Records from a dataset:
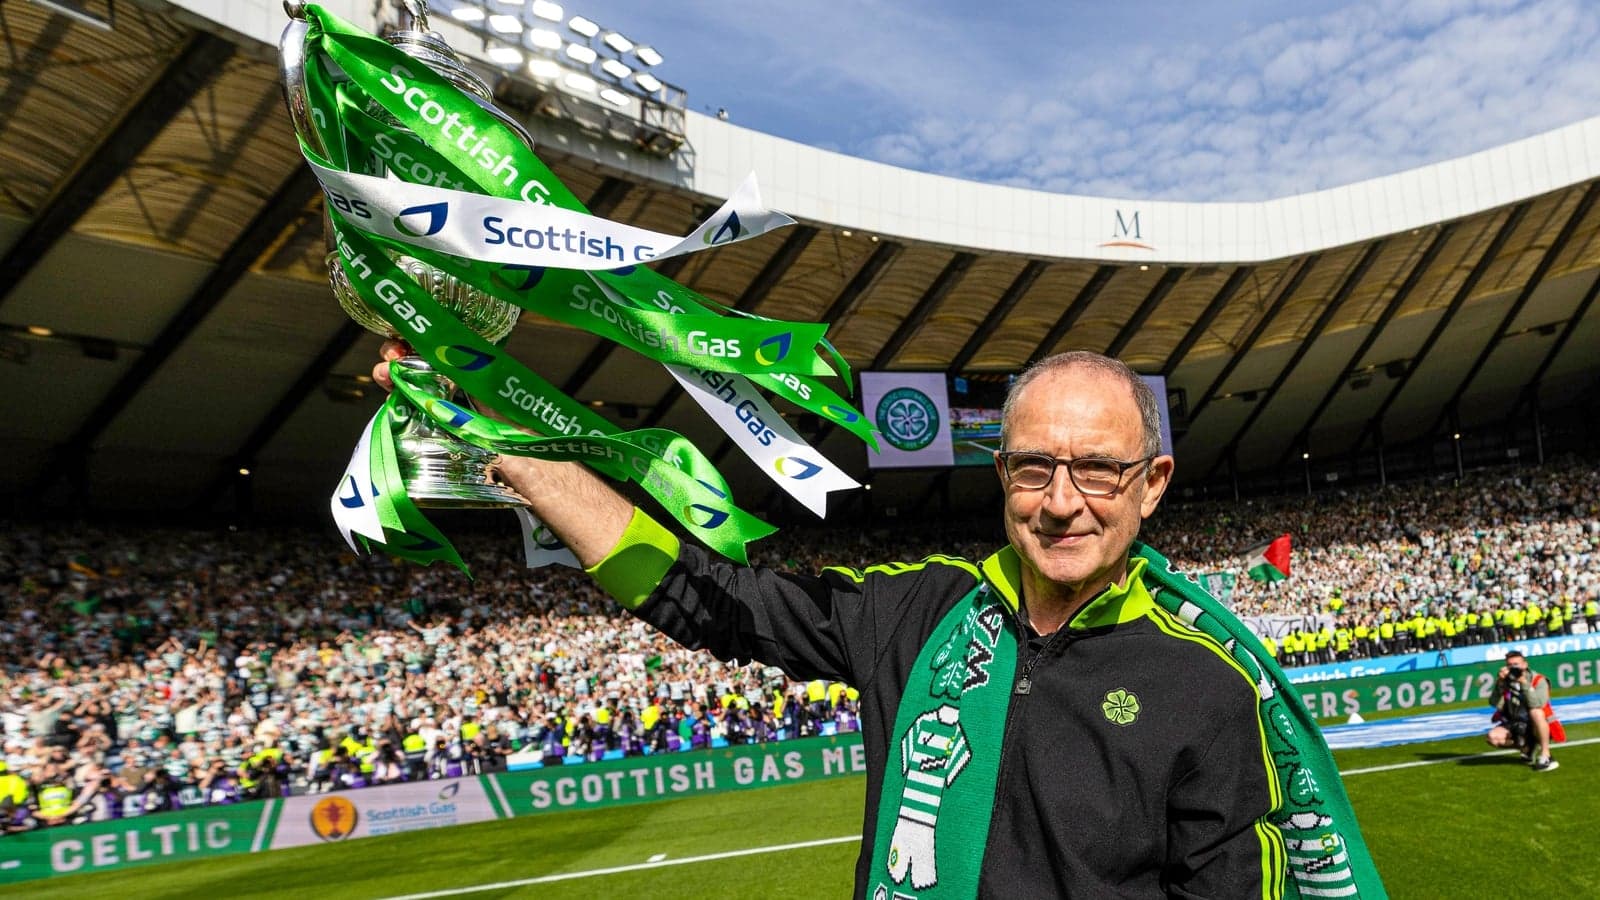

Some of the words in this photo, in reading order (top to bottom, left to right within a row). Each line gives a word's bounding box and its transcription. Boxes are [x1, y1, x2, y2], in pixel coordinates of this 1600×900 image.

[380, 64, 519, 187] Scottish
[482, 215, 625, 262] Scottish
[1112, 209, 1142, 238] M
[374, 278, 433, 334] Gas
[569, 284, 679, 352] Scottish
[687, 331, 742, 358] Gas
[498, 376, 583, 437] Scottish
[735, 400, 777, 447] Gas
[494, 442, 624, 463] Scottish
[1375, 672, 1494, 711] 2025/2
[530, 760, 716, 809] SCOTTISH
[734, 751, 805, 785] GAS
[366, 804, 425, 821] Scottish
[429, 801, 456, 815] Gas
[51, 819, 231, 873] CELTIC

TASK DIRECTIONS:
Output every entry exactly, leaving out pictures.

RESPONSE FOR THIS EXERCISE:
Some of the words in this photo, in reading order (top to bottom, left to right within a row). Each line gives a word's bounding box and its transcription. Boxes are [x1, y1, x2, y2], in pixel coordinates of this 1600×900 image.

[380, 64, 519, 187] Scottish
[482, 215, 625, 262] Scottish
[1112, 209, 1142, 238] M
[374, 278, 433, 334] Gas
[569, 284, 679, 352] Scottish
[687, 331, 742, 358] Gas
[498, 376, 583, 437] Scottish
[735, 400, 777, 447] Gas
[494, 442, 624, 463] Scottish
[1375, 672, 1494, 711] 2025/2
[530, 760, 716, 809] SCOTTISH
[734, 751, 805, 785] GAS
[366, 804, 425, 821] Scottish
[429, 801, 456, 815] Gas
[51, 819, 231, 873] CELTIC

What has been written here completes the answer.